Integration Testing MCP Servers End-to-End: Transports, Tool Calls, and Resource Listing

Integration Testing MCP Servers End-to-End: Transports, Tool Calls, and Resource Listing

Unit tests for MCP tool handlers are necessary but not sufficient. They test the function — they don't test whether the server correctly handles the MCP protocol, whether tools are advertised correctly, whether resources are listed as expected, or whether the transport layer survives malformed messages.

Integration tests do. And for MCP servers, integration testing has an unusual property: the server itself becomes the system under test, not just the code inside it.

Here's how to write integration tests that give you real confidence in your MCP server.

The Integration Test Boundary

An integration test for an MCP server should:

  1. Start a real server process (or connect to a running one)
  2. Connect via a real transport (stdio, HTTP/SSE, or in-memory)
  3. Make actual MCP protocol calls
  4. Assert on the responses

This is different from unit testing, where you test the handler function in isolation. Integration tests catch bugs in the protocol layer, the server configuration, and the interaction between components.

Transport Options for Testing

MCP supports three transport types. Each has different testing characteristics.

In-memory transport — fastest, no process spawning, best for CI.

import { Client } from '@modelcontextprotocol/sdk/client/index.js';
import { InMemoryTransport } from '@modelcontextprotocol/sdk/inMemory.js';
import { createMyServer } from './server';

async function createTestClient() {
  const [clientTransport, serverTransport] = InMemoryTransport.createLinkedPair();
  
  const server = createMyServer();
  await server.connect(serverTransport);
  
  const client = new Client({ name: 'test', version: '1.0' });
  await client.connect(clientTransport);
  
  return { client, server };
}

Use this for the majority of your integration tests. No process management, no port conflicts, runs in parallel.

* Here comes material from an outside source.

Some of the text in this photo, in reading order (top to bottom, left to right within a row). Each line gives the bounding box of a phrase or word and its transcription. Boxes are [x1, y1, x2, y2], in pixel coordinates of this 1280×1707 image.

stdio transport — tests the actual server binary. Catches issues with process startup, environment variable handling, and stdio buffering.

import { Client } from '@modelcontextprotocol/sdk/client/index.js';
import { StdioClientTransport } from '@modelcontextprotocol/sdk/client/stdio.js';
import { spawn } from 'child_process';

async function createStdioClient() {
  const transport = new StdioClientTransport({
    command: 'node',
    args: ['./dist/server.js'],
    env: { ...process.env, NODE_ENV: 'test' }
  });

  const client = new Client({ name: 'test', version: '1.0' });
  await client.connect(transport);
  
  return client;
}

Use this for your server binary smoke tests — "does it start? Does it respond to initialization?"

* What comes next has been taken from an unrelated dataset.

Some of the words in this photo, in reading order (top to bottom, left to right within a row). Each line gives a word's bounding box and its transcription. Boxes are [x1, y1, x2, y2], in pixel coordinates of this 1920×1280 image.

HTTP/SSE transport — tests the full HTTP stack. Required if your server is deployed as an HTTP service.

import { Client } from '@modelcontextprotocol/sdk/client/index.js';
import { SSEClientTransport } from '@modelcontextprotocol/sdk/client/sse.js';

async function createHTTPClient(baseUrl: string) {
  const transport = new SSEClientTransport(new URL(`${baseUrl}/sse`));
  const client = new Client({ name: 'test', version: '1.0' });
  await client.connect(transport);
  return client;
}

Use this for staging environment tests and smoke tests against your production server.

Testing Tool Listing

The first thing a client does is enumerate your tools. If tools/list returns incorrect data, the client can't use your server correctly.

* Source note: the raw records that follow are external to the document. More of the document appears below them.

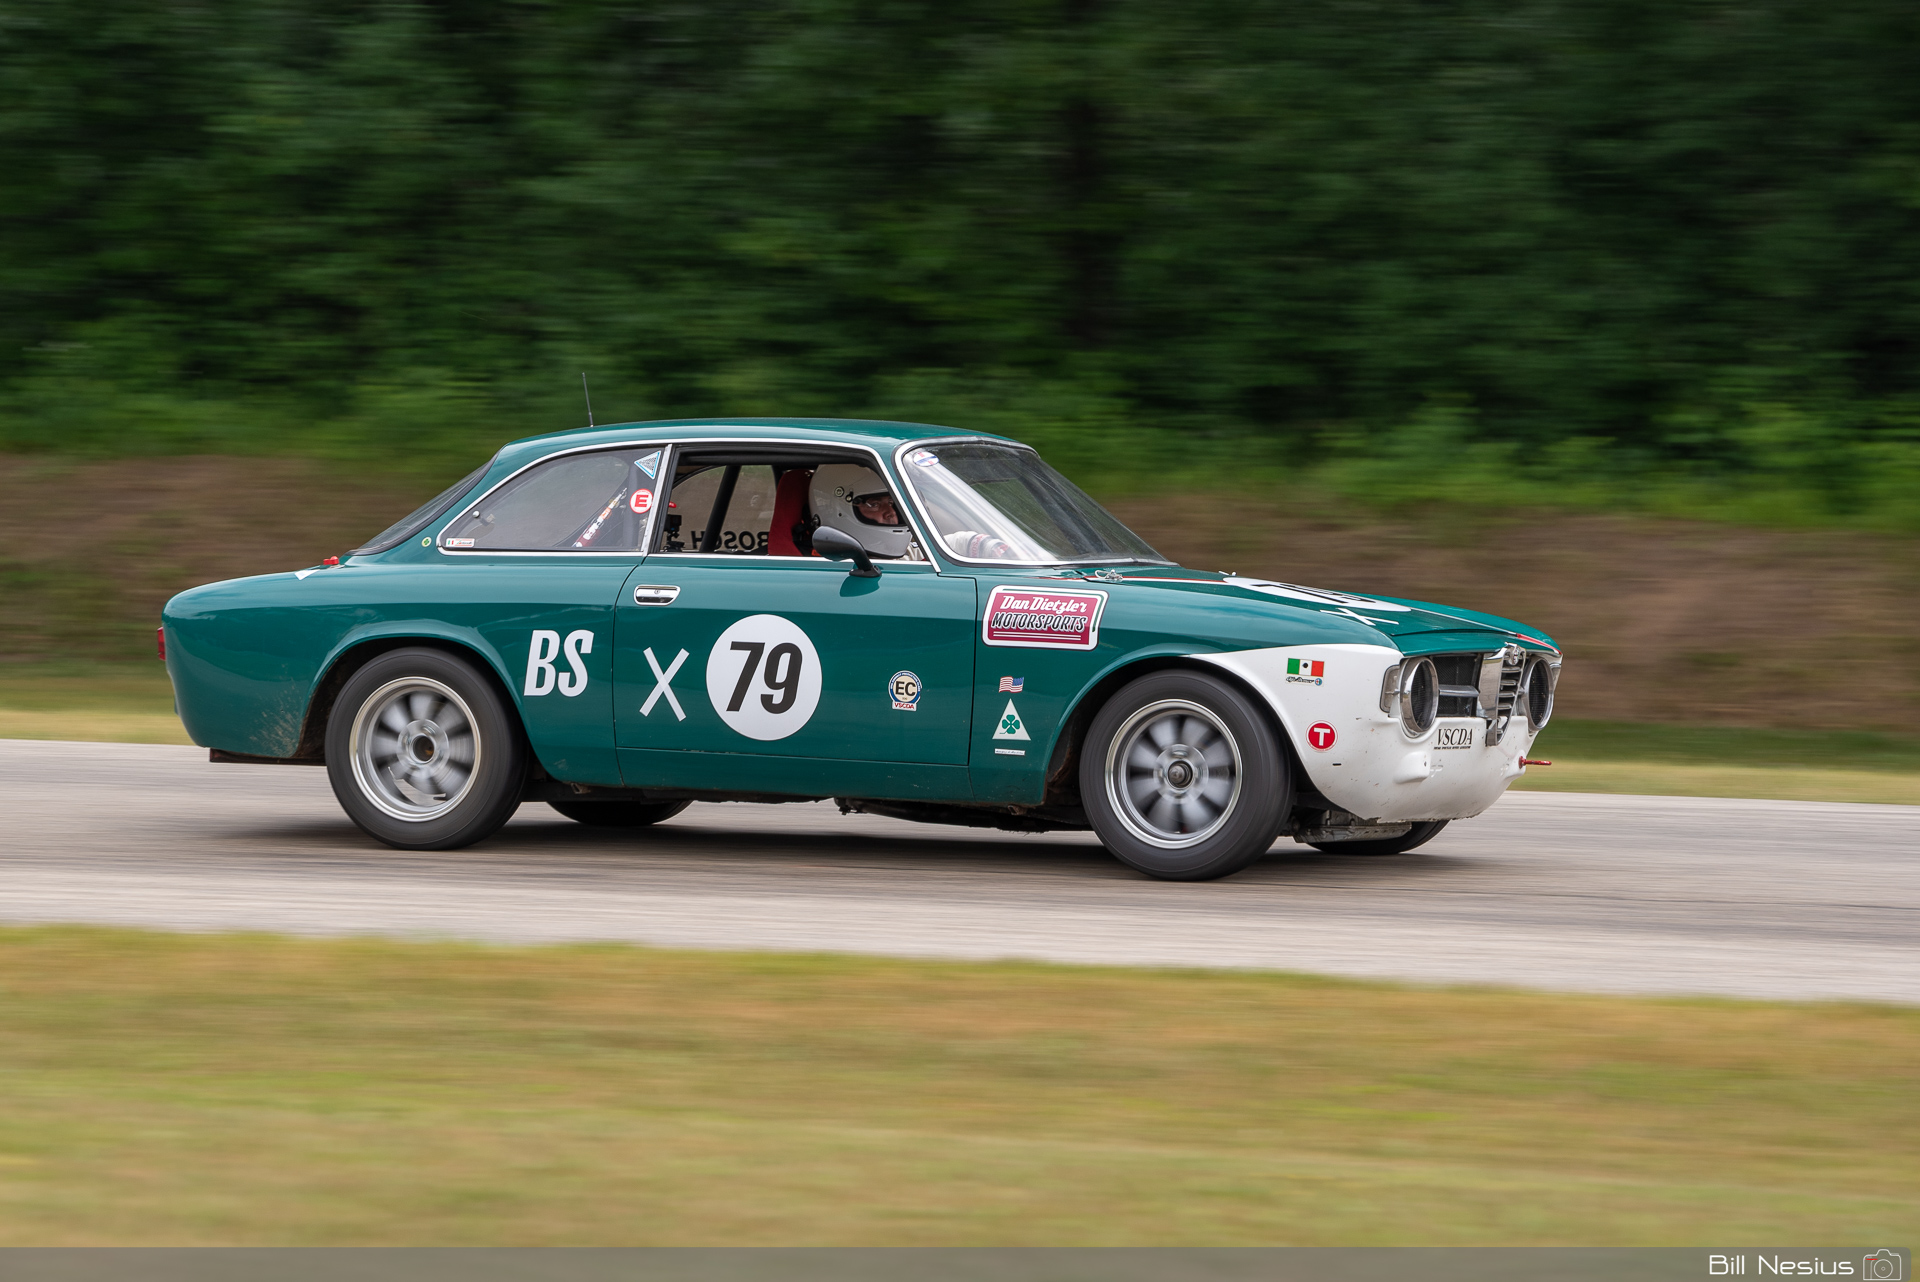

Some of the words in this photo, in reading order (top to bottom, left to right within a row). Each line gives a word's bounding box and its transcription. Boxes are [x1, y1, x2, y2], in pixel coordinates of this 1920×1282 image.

[634, 494, 649, 508] E
[1000, 595, 1030, 611] Dan
[1029, 596, 1087, 615] Dietzler
[991, 612, 1088, 633] MOTORSPORTS
[1320, 607, 1399, 626] X
[524, 629, 595, 697] BS
[639, 647, 690, 722] X
[726, 641, 803, 714] 79
[895, 681, 917, 697] EC
[894, 702, 915, 710] VSCDA
[1313, 727, 1331, 747] T
[1437, 728, 1473, 746] VSCDA

describe('tool listing', () => {
  let client: Client;
  let cleanup: () => Promise<void>;

  beforeEach(async () => {
    const { client: c, server } = await createTestClient();
    client = c;
    cleanup = async () => { await c.close(); await server.close(); };
  });

  afterEach(() => cleanup());

  it('lists all expected tools', async () => {
    const { tools } = await client.listTools();
    const names = tools.map(t => t.name);
    
    expect(names).toContain('search');
    expect(names).toContain('read-file');
    expect(names).toContain('write-file');
  });

  it('tool schemas have required fields', async () => {
    const { tools } = await client.listTools();
    
    for (const tool of tools) {
      expect(tool.name).toBeTruthy();
      expect(tool.description).toBeTruthy();
      expect(tool.inputSchema).toBeDefined();
      expect(tool.inputSchema.type).toBe('object');
    }
  });

  it('input schemas are valid JSON Schema', async () => {
    const { tools } = await client.listTools();
    const Ajv = (await import('ajv')).default;
    const ajv = new Ajv();

    for (const tool of tools) {
      // Each tool's inputSchema should be a valid JSON Schema
      expect(() => ajv.compile(tool.inputSchema)).not.toThrow();
    }
  });
});

These tests encode the contract your tools expose. When you rename a tool or change a schema, these tests fail — which is exactly what you want.

Testing Tool Call Results

After listing, the next layer is calling tools and asserting on outputs.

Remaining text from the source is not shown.